-- ACTIVITY --
Retype the listing exactly as it stands, and keep every image out.

-- DATA SHOWN --
########################################

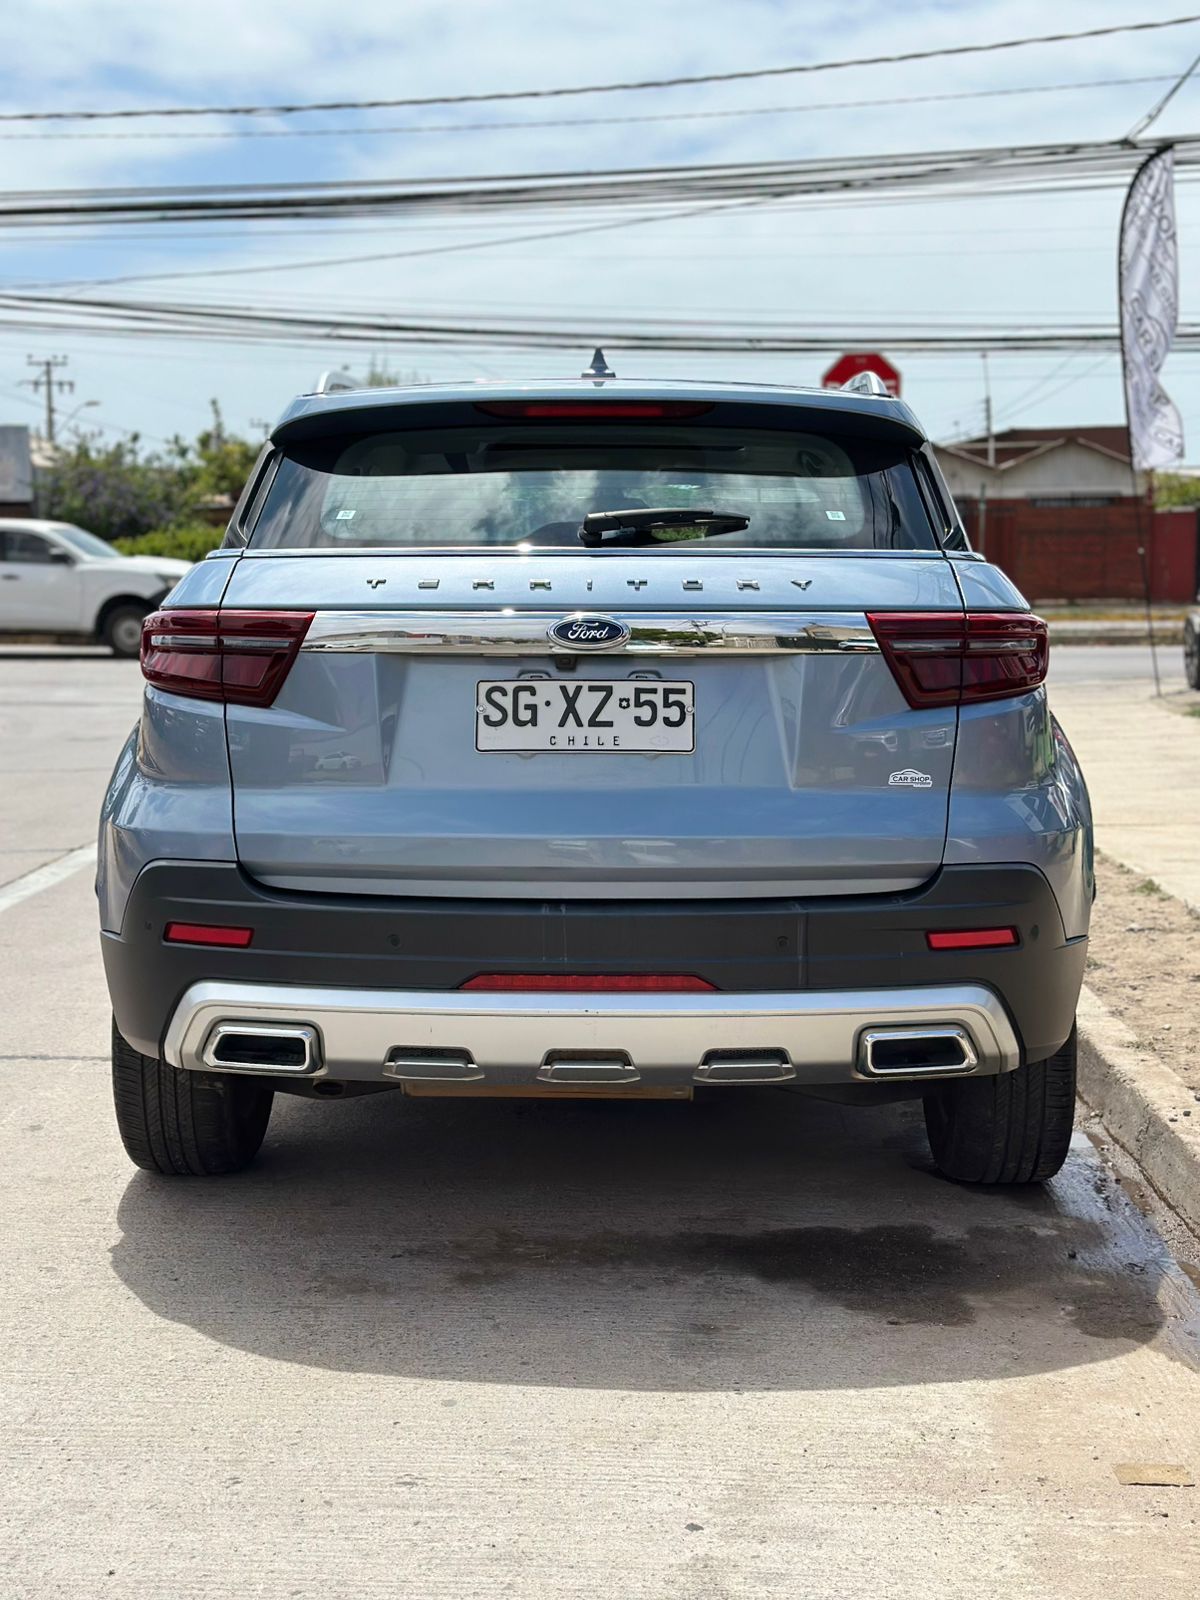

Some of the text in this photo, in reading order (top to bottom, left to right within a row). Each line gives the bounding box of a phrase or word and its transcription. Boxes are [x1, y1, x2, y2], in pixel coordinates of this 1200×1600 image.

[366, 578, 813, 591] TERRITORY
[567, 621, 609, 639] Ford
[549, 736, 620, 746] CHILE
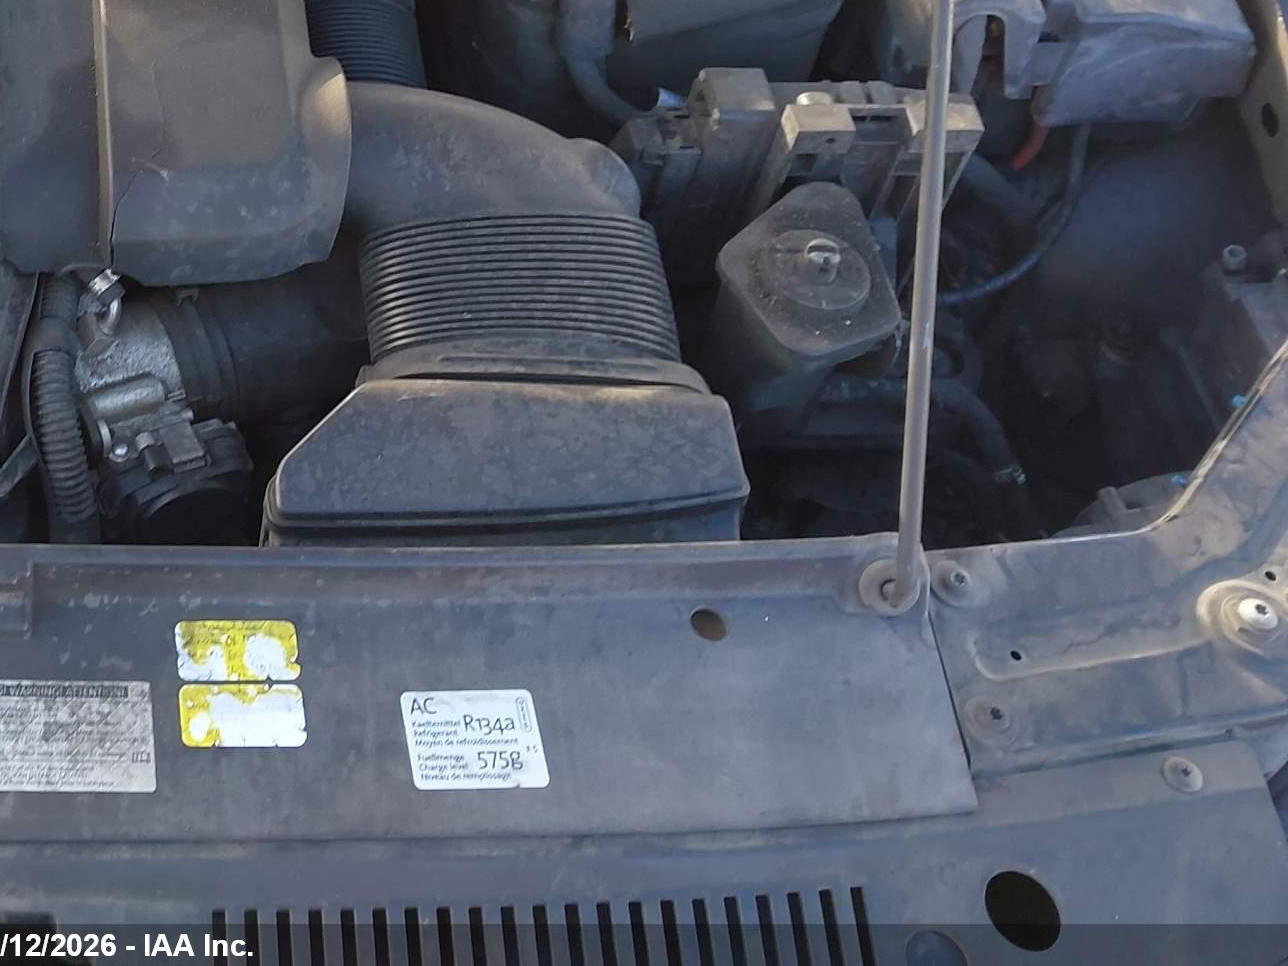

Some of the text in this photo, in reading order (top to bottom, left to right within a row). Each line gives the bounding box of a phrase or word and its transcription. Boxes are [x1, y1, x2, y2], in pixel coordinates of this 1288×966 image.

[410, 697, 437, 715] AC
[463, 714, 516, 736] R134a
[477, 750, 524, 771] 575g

########################################

-- REPLY TO THE TASK --
Some of the text in this photo, in reading order (top to bottom, left to right within a row). Each line gives the bounding box of a phrase or word and its transcription. Boxes are [x1, y1, x2, y2], in pixel coordinates of this 1200×1600 image.

[366, 578, 813, 591] TERRITORY
[567, 621, 609, 639] Ford
[549, 736, 620, 746] CHILE

Some of the text in this photo, in reading order (top to bottom, left to right within a row). Each line gives the bounding box of a phrase or word and its transcription. Boxes are [x1, y1, x2, y2], in pixel coordinates of this 1288×966 image.

[410, 697, 437, 715] AC
[463, 714, 516, 736] R134a
[477, 750, 524, 771] 575g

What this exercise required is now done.